But we’ve controlled ourselves down to barely sustainable levels.

Whether it’s controlling crows on grouse-moors or moorland inhabited by Curlew (@BBCR4Today, today) – takes some ingenuity, not to disturb other breeding species and the environment more generally. In our domestic garden context – judicious scaring and discouraging seems to work, but only just. It is ideological to defend crows rights as somehow sacrosanct over broader environmental care.

Neonicotinoids have a bad rap for poisoning bees and other pollinating insects beyond originally intended environmental control – obviously before that the likes of DDT were the villain.

As herbicides, strong poisons used to be the norm 2-4-DP, Paraquat, Chlorate, you name it. These days domestically at least – there is only one game in town – Glyphosate, whether it’s branded RoundUp or not, made by Monsanto or not – and Monsanto are part of Bayer now anyway.

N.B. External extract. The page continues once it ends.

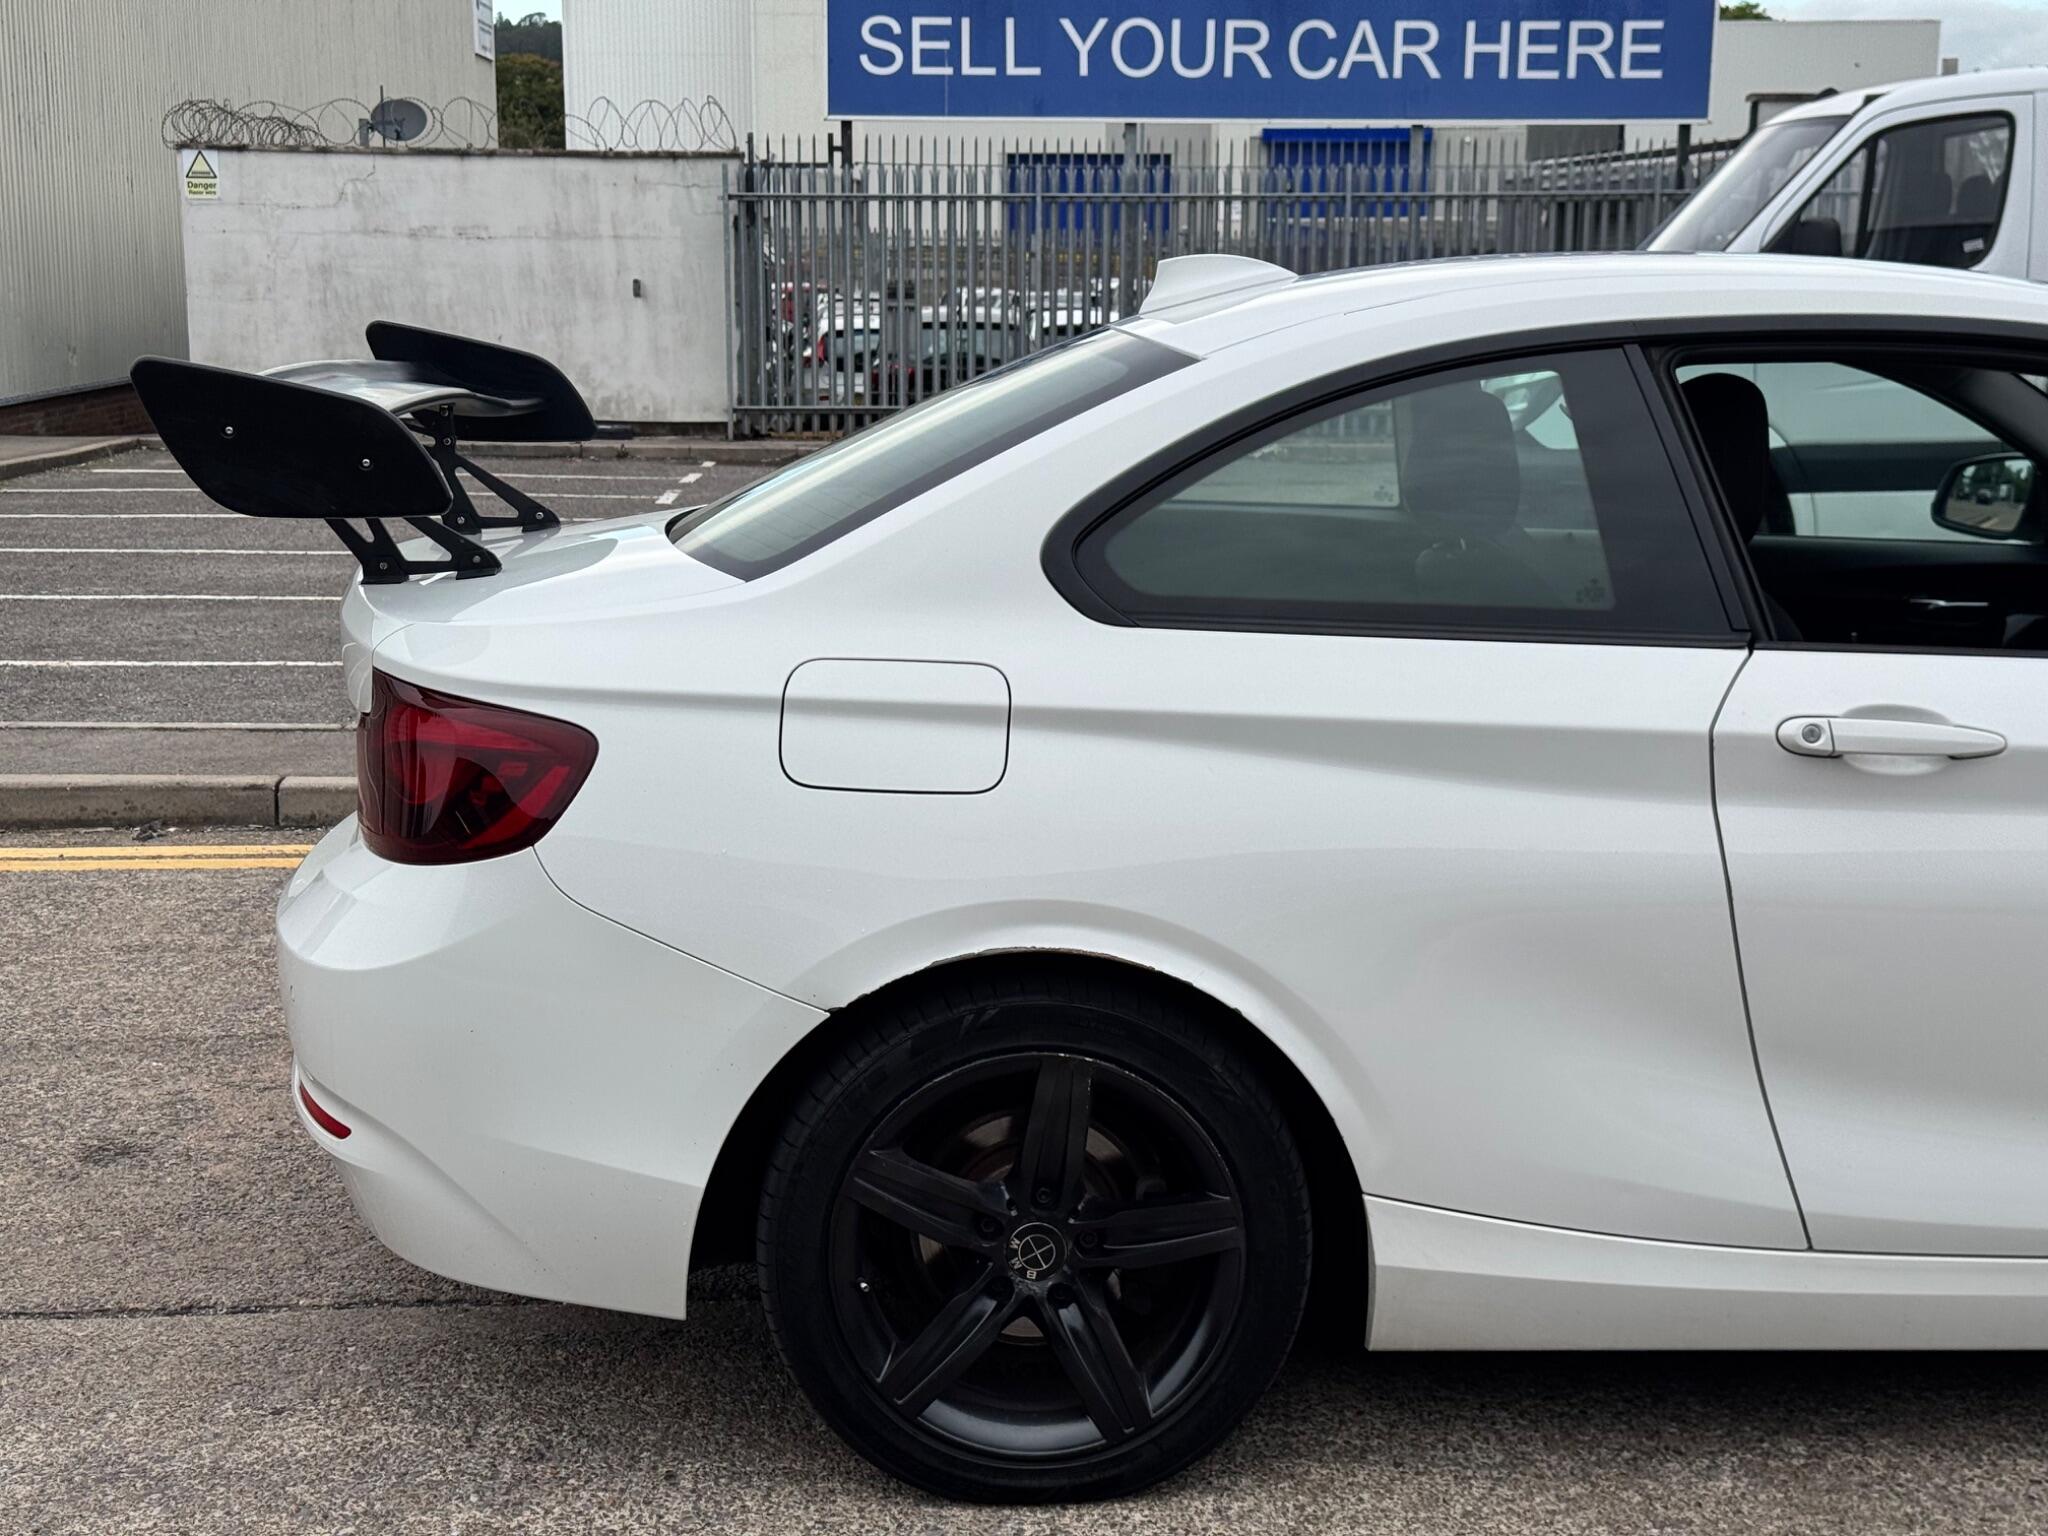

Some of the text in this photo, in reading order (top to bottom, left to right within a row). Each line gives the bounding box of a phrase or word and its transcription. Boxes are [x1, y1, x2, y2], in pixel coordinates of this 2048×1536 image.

[858, 14, 1666, 80] SELL YOUR CAR HERE
[187, 181, 217, 190] Danger

Neonics and Glyphosate have their own unintended consequences – we need to care about that. But the fact is these “modern” control chemicals are much less effective that older blunter instruments AND with more pervasive negative consequences.

Safer to use simple strong poisons – oxidising agents and other crude methods – that degrade into safer side-products locally, than persistent and pervasive complex chemicals. (I now Glyphosate degrades – but it’s so safe it’s useless for its intended purpose except when used on an industrial scale – counter-intuitive unintended consequence is the drive for greater use(!) – eg for crop desiccation as well as herbicidal use. Main risks are high-dose human exposure rather than environmental anyway.)

We’re overly mesmerised by proven issues than unknown risks, and defeating the primary human flourishing objectives. (Taleb is particularly strong on “fat-tail” risks, but has a particular anti-Monsanto shills agenda, and I have no doubt “their” chemists have over-stepped ethical boundaries in defence of interests, but …)

KISS – otherwise we’re just kicking environmental risks into the long grass.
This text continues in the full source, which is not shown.